▶ **Instructions for the task**
Everything in the data below should be restated word for word.

▶ **Extracted information**
——
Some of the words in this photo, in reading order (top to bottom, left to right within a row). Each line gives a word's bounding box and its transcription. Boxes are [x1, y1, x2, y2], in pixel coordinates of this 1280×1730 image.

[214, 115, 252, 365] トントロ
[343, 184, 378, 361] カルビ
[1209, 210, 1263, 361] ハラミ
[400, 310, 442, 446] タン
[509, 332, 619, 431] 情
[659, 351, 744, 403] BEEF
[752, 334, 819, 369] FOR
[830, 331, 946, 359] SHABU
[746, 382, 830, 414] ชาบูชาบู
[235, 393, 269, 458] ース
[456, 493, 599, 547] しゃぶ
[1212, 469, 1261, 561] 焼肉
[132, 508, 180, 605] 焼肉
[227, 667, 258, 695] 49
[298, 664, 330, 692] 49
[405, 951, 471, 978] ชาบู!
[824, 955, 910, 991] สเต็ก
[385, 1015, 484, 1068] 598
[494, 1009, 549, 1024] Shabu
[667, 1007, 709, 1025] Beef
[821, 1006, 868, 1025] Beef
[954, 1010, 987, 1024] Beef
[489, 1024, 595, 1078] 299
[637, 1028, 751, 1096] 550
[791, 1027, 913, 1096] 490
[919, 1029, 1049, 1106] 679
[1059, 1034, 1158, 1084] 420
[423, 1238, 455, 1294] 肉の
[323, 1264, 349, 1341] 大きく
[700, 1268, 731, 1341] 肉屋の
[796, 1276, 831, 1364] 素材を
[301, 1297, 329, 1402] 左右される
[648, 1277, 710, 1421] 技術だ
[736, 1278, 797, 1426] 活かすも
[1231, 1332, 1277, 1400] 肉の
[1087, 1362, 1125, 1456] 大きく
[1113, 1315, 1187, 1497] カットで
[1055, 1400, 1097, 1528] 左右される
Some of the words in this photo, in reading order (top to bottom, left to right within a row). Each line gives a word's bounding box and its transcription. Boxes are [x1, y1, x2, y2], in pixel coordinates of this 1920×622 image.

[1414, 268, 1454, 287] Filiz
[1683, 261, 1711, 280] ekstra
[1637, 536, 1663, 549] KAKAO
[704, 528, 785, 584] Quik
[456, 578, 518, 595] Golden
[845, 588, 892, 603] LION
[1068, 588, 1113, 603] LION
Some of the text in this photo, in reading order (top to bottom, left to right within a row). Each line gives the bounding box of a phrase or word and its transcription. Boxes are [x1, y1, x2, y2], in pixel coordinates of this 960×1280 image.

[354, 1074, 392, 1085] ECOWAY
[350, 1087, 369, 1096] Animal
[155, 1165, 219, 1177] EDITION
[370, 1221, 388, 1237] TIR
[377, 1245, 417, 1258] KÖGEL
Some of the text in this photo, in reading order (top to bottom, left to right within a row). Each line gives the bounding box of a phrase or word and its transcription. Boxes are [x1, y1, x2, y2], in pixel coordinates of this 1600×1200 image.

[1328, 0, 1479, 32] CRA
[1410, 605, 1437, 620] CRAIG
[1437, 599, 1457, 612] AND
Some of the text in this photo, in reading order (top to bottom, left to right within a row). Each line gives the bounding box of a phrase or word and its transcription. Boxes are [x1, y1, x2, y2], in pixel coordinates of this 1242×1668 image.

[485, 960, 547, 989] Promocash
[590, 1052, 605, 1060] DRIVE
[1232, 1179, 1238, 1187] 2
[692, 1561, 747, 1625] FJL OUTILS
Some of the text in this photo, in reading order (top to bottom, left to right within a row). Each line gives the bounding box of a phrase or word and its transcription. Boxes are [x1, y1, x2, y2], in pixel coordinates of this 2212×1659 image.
——
▶ **Exercise answer**
Some of the words in this photo, in reading order (top to bottom, left to right within a row). Each line gives a word's bounding box and its transcription. Boxes are [x1, y1, x2, y2], in pixel coordinates of this 1280×1730 image.

[214, 115, 252, 365] トントロ
[343, 184, 378, 361] カルビ
[1209, 210, 1263, 361] ハラミ
[400, 310, 442, 446] タン
[509, 332, 619, 431] 情
[659, 351, 744, 403] BEEF
[752, 334, 819, 369] FOR
[830, 331, 946, 359] SHABU
[746, 382, 830, 414] ชาบูชาบู
[235, 393, 269, 458] ース
[456, 493, 599, 547] しゃぶ
[1212, 469, 1261, 561] 焼肉
[132, 508, 180, 605] 焼肉
[227, 667, 258, 695] 49
[298, 664, 330, 692] 49
[405, 951, 471, 978] ชาบู!
[824, 955, 910, 991] สเต็ก
[385, 1015, 484, 1068] 598
[494, 1009, 549, 1024] Shabu
[667, 1007, 709, 1025] Beef
[821, 1006, 868, 1025] Beef
[954, 1010, 987, 1024] Beef
[489, 1024, 595, 1078] 299
[637, 1028, 751, 1096] 550
[791, 1027, 913, 1096] 490
[919, 1029, 1049, 1106] 679
[1059, 1034, 1158, 1084] 420
[423, 1238, 455, 1294] 肉の
[323, 1264, 349, 1341] 大きく
[700, 1268, 731, 1341] 肉屋の
[796, 1276, 831, 1364] 素材を
[301, 1297, 329, 1402] 左右される
[648, 1277, 710, 1421] 技術だ
[736, 1278, 797, 1426] 活かすも
[1231, 1332, 1277, 1400] 肉の
[1087, 1362, 1125, 1456] 大きく
[1113, 1315, 1187, 1497] カットで
[1055, 1400, 1097, 1528] 左右される
Some of the words in this photo, in reading order (top to bottom, left to right within a row). Each line gives a word's bounding box and its transcription. Boxes are [x1, y1, x2, y2], in pixel coordinates of this 1920×622 image.

[1414, 268, 1454, 287] Filiz
[1683, 261, 1711, 280] ekstra
[1637, 536, 1663, 549] KAKAO
[704, 528, 785, 584] Quik
[456, 578, 518, 595] Golden
[845, 588, 892, 603] LION
[1068, 588, 1113, 603] LION
Some of the text in this photo, in reading order (top to bottom, left to right within a row). Each line gives the bounding box of a phrase or word and its transcription. Boxes are [x1, y1, x2, y2], in pixel coordinates of this 960×1280 image.

[354, 1074, 392, 1085] ECOWAY
[350, 1087, 369, 1096] Animal
[155, 1165, 219, 1177] EDITION
[370, 1221, 388, 1237] TIR
[377, 1245, 417, 1258] KÖGEL
Some of the text in this photo, in reading order (top to bottom, left to right within a row). Each line gives the bounding box of a phrase or word and its transcription. Boxes are [x1, y1, x2, y2], in pixel coordinates of this 1600×1200 image.

[1328, 0, 1479, 32] CRA
[1410, 605, 1437, 620] CRAIG
[1437, 599, 1457, 612] AND
Some of the text in this photo, in reading order (top to bottom, left to right within a row). Each line gives the bounding box of a phrase or word and its transcription. Boxes are [x1, y1, x2, y2], in pixel coordinates of this 1242×1668 image.

[485, 960, 547, 989] Promocash
[590, 1052, 605, 1060] DRIVE
[1232, 1179, 1238, 1187] 2
[692, 1561, 747, 1625] FJL OUTILS
Some of the text in this photo, in reading order (top to bottom, left to right within a row). Each line gives the bounding box of a phrase or word and its transcription. Boxes are [x1, y1, x2, y2], in pixel coordinates of this 2212×1659 image.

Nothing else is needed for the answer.